WashU Expert: Syrian civil war should be referred to International Criminal Court

The Syrian civil war began in 2011. Its spread since that time has caused refugees to spill across its borders and created a fertile environment for the rise of ISIS (Islamic State of Iraq and Syria).

Sadat

How can the international community get a handle on a conflict that already has claimed some 220,000 lives?

One possible solution is to refer the Syrian situation to the International Criminal Court, says an expert in international criminal law at Washington University in St. Louis.

“There is now talk of President (Bashar al-) Assad remaining in power — something that was unthinkable a year or two ago given the ferocity of the conflict,” said Leila Sadat, PhD, the Henry H. Oberschelp Professor of Law, director of the Whitney R. Harris World Law Institute and special adviser on crimes against humanity to the International Criminal Court prosecutor.
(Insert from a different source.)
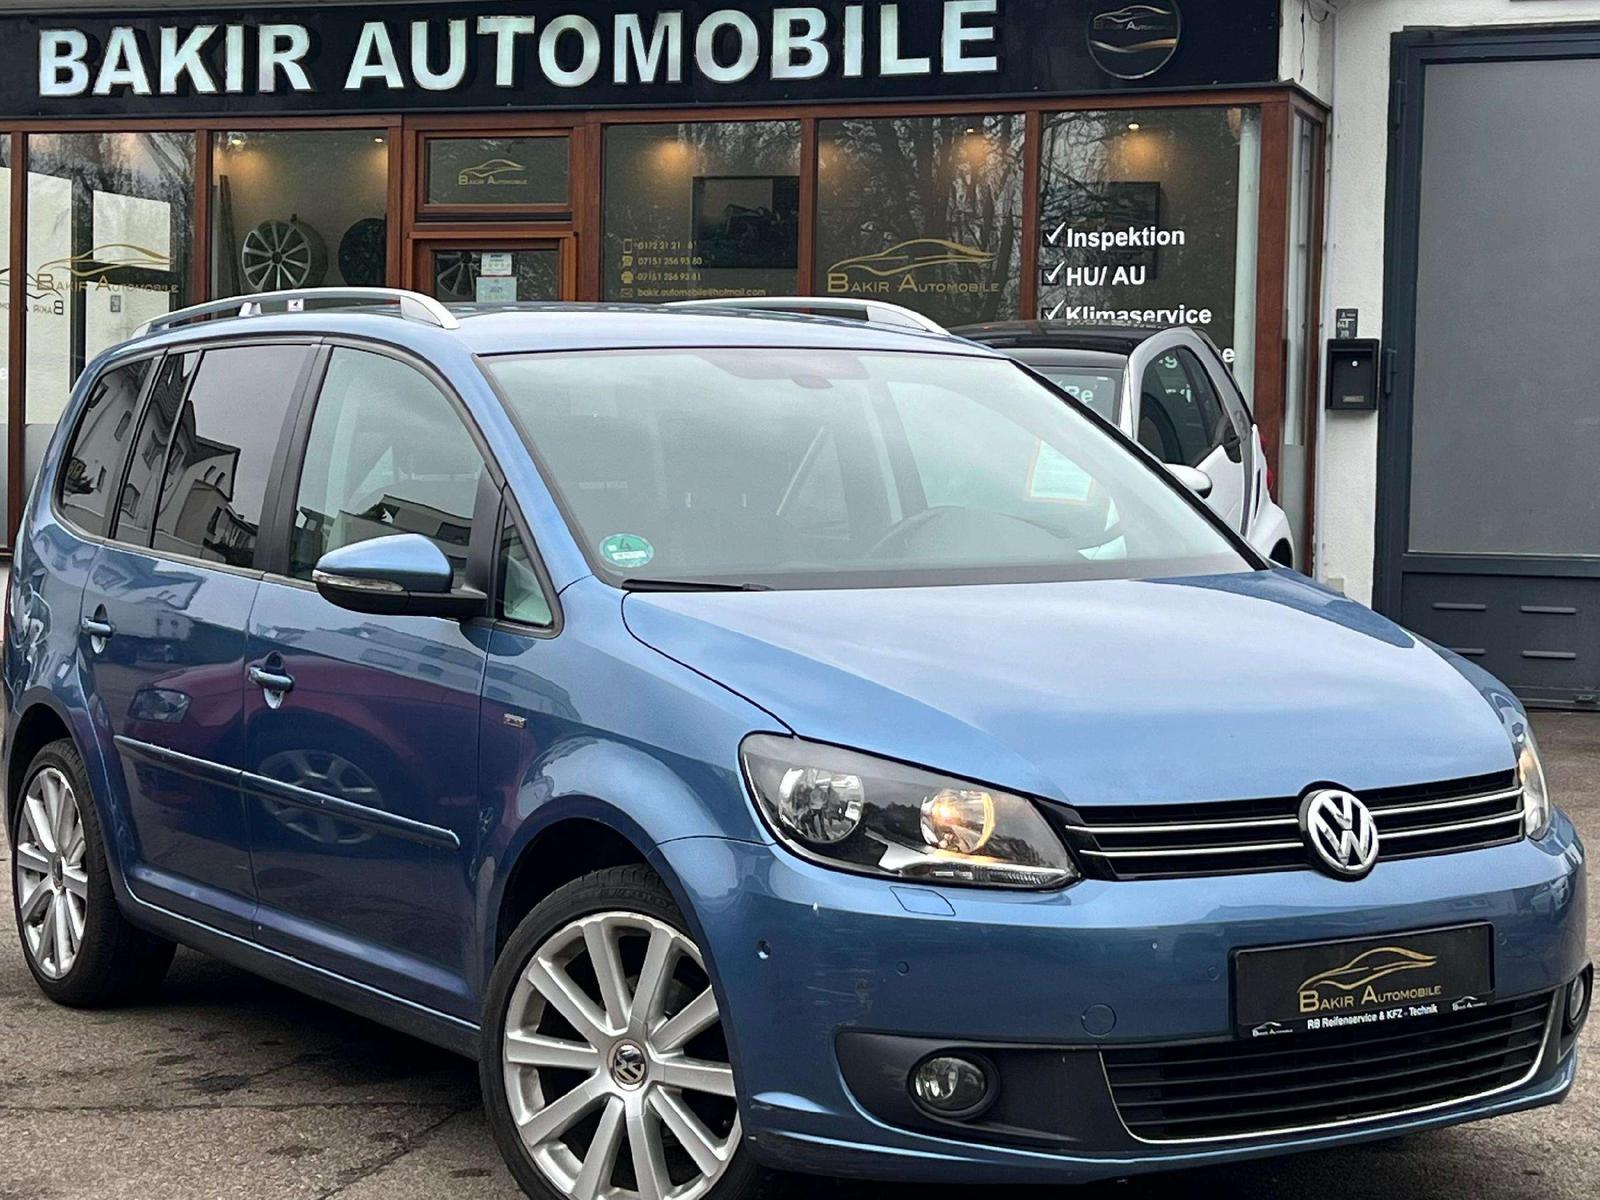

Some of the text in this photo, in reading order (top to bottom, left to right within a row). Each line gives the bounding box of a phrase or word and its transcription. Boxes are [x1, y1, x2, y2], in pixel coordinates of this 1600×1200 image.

“Of course, President Assad may retain his position — as may others in his government or in the opposition — but whatever political solution is devised should be without prejudice to the rights of the international community and the Syrian people to demand accountability for the international crimes committed during the conflict,” Sadat said.

Sadat shared her views in an essay, “Genocide in Syria: International Legal Options, International Legal Limits, and the Serious Problem of Political Will”, which appears in the fifth volume of the Syracuse College of Law Impunity Watch. Sadat’s opinions in the piece are her own. She is not speaking on behalf of the International Criminal Court.
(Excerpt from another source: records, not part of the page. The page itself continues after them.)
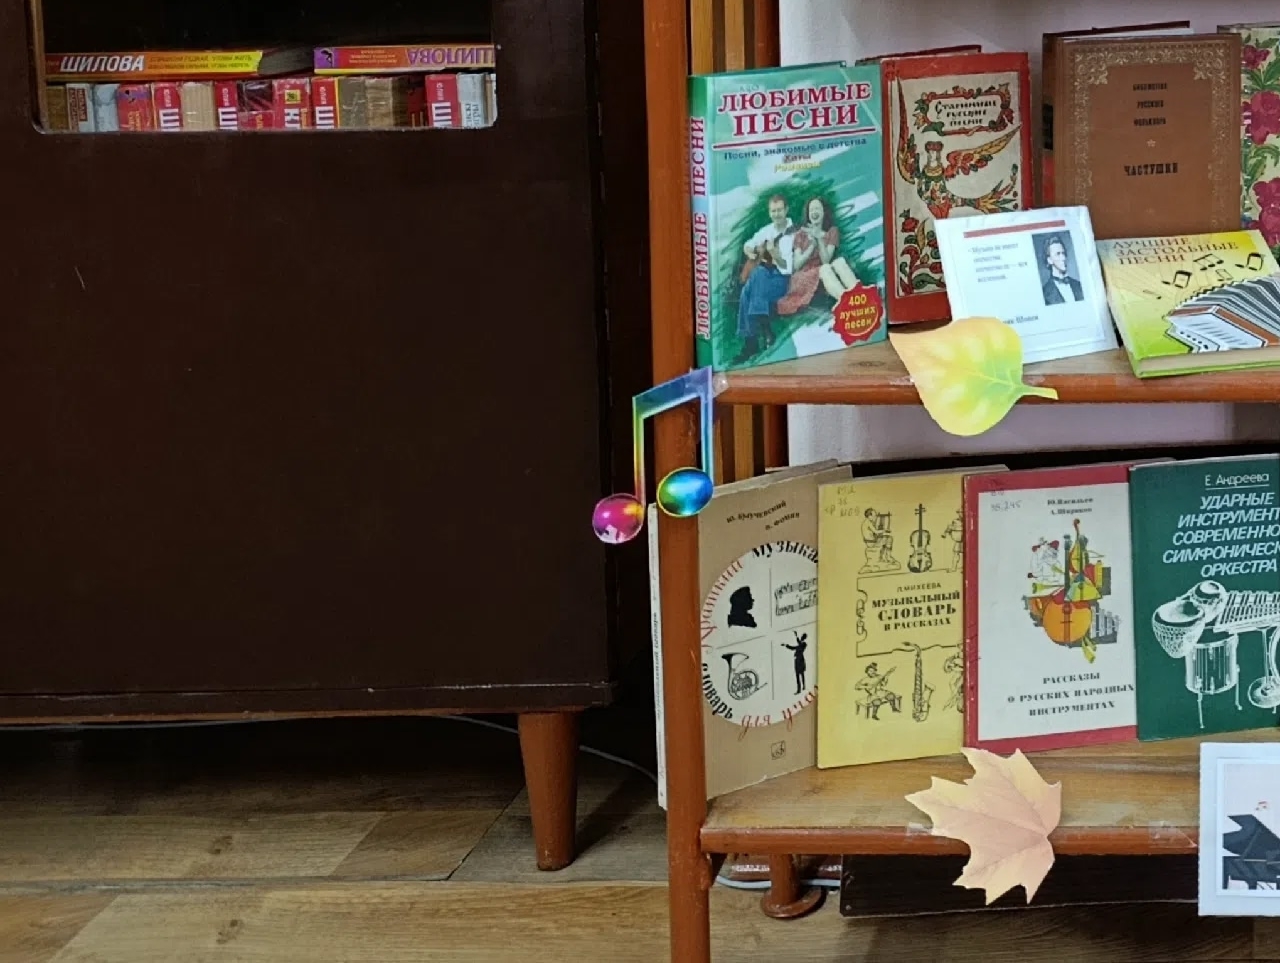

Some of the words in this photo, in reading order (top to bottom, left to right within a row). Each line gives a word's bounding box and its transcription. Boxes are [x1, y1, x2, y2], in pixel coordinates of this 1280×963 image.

[60, 56, 146, 73] ШИЛОВА
[718, 83, 871, 113] ЛЮБИМЫЕ
[733, 103, 858, 136] ПЕСНИ
[690, 117, 706, 197] ПЕСНИ
[724, 149, 761, 161] Песни,
[764, 143, 816, 156] знакомые
[827, 138, 867, 150] детства
[1124, 163, 1178, 176] ЧАСТУШКИ
[1113, 237, 1191, 250] ЛУЧШИЕ
[1116, 242, 1239, 257] ЗАСТОЛЬНЫЕ
[1118, 255, 1186, 265] ПЕСНИ
[692, 212, 711, 339] ЛЮБИМЫЕ
[848, 293, 867, 307] 400
[839, 305, 877, 321] лучших
[844, 317, 873, 330] песен
[1216, 473, 1270, 487] Андреева
[1200, 492, 1275, 510] УДАРНЫЕ
[1201, 558, 1278, 577] ОРКЕСТРА
[872, 590, 960, 608] МУЗЫКАЛЬНЫЙ
[878, 603, 956, 621] СЛОВАРЬ
[884, 623, 890, 631] В
[894, 618, 951, 630] РАССКАЗАХ
[1042, 672, 1100, 684] РАССКАЗЫ
[1019, 690, 1070, 702] РУССКИХ
[1074, 684, 1135, 697] НАРОДНЫХ
[1028, 701, 1115, 717] ИНСТРУМЕНТАХ
[739, 713, 771, 741] для
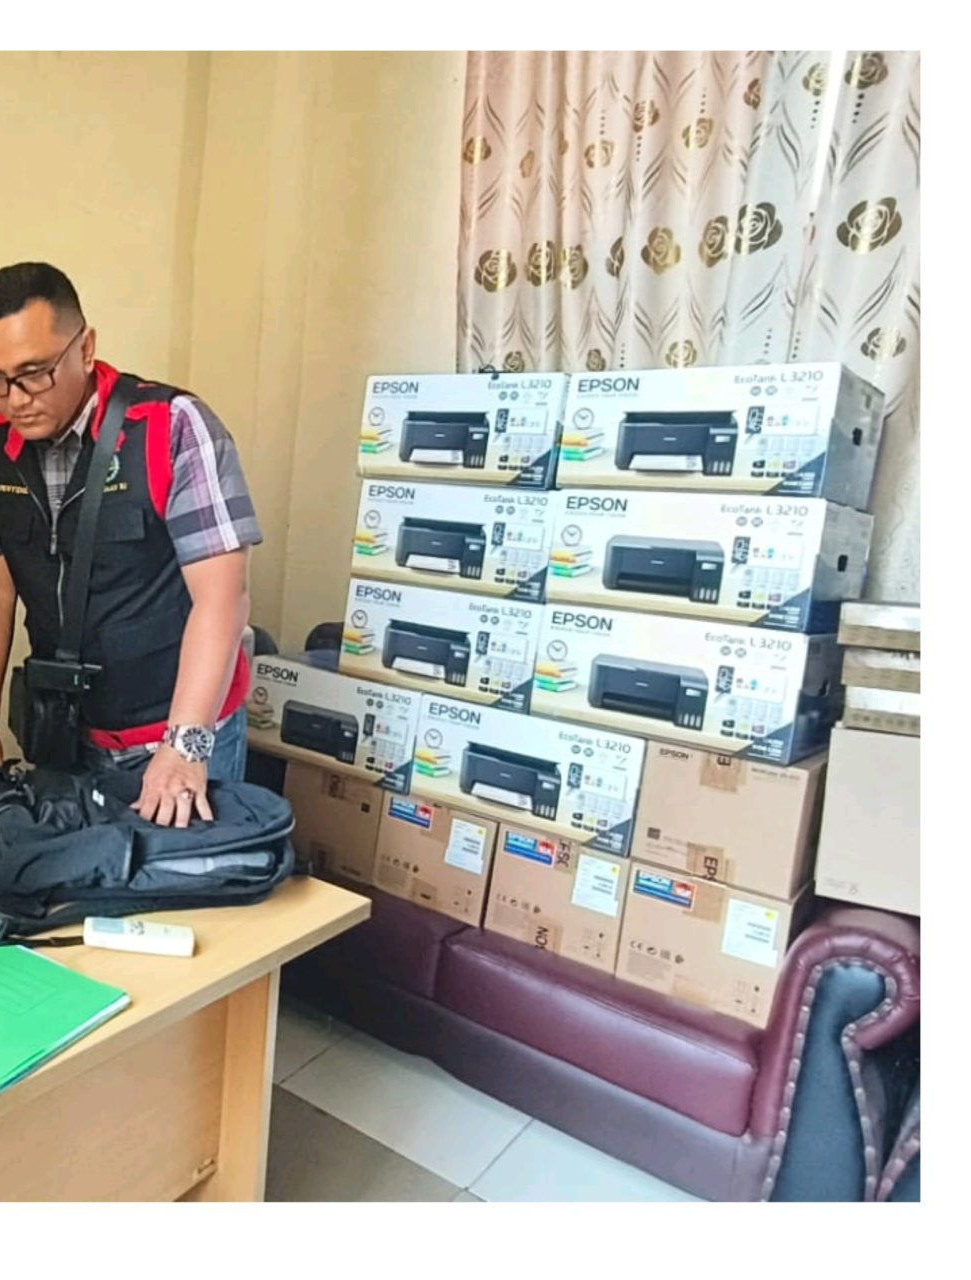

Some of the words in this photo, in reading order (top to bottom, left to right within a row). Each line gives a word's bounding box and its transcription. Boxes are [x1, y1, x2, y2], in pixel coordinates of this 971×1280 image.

[521, 379, 553, 390] L3210
[578, 377, 640, 393] EPSON
[734, 373, 777, 385] EcoTank
[780, 370, 824, 383] L3210
[372, 381, 420, 394] EPSON
[368, 485, 416, 500] EPSON
[517, 495, 549, 507] L3210
[566, 495, 629, 512] EPSON
[766, 504, 809, 517] L3210
[355, 585, 402, 603] EPSON
[501, 604, 532, 619] L3210
[551, 610, 613, 632] EPSON
[750, 635, 792, 651] L3210
[256, 663, 299, 683] EPSON
[428, 701, 481, 725] EPSON
[595, 737, 631, 755] L3210
[659, 747, 690, 761] EPSON
The essay addresses the failure of the international community to rein in the violence in Syria, and suggests that much of the problem is a lack of political will, not only on the part of the United States in the region, but on the part of several permanent members of the United Nations Security Council.

Nevertheless, the essay suggests several legal options that might bring a modicum of justice to the situation.

Among Sadat’s suggestions are:

  • All states must be reminded of their existing legal obligations.
  • Continuing efforts should be made to refer the situation in Syria to the International Criminal Court.
  • The current impasse in the United Nations Security Council needs to be addressed.
  • Although there is no forum yet in which those responsible for the crimes committed since March 2011 may be tried, many groups and governments are documenting atrocities for future trials.
  • States wishing to move from rhetoric to action regarding the atrocity cascade in Syria must use legal argumentation to much greater effect.
  • While endeavoring to address the situation in Syria, the entire region must be the focus of attention.
  • Although military action should not be ruled out, great care must be taken when using force to address atrocity crimes.

“No amnesty for crimes of the magnitude alleged to have been committed in Syria can, or should be accepted, nor is it clear that any amnesty would be lawful, at least outside of Syria,” Sadat wrote. “Moreover, amnesty would be unlikely to either resolve the current impasse or prevent the commission of future atrocities.

“History has shown that impunity typically emboldens individuals perpetrating atrocity crimes; it does not stop them.”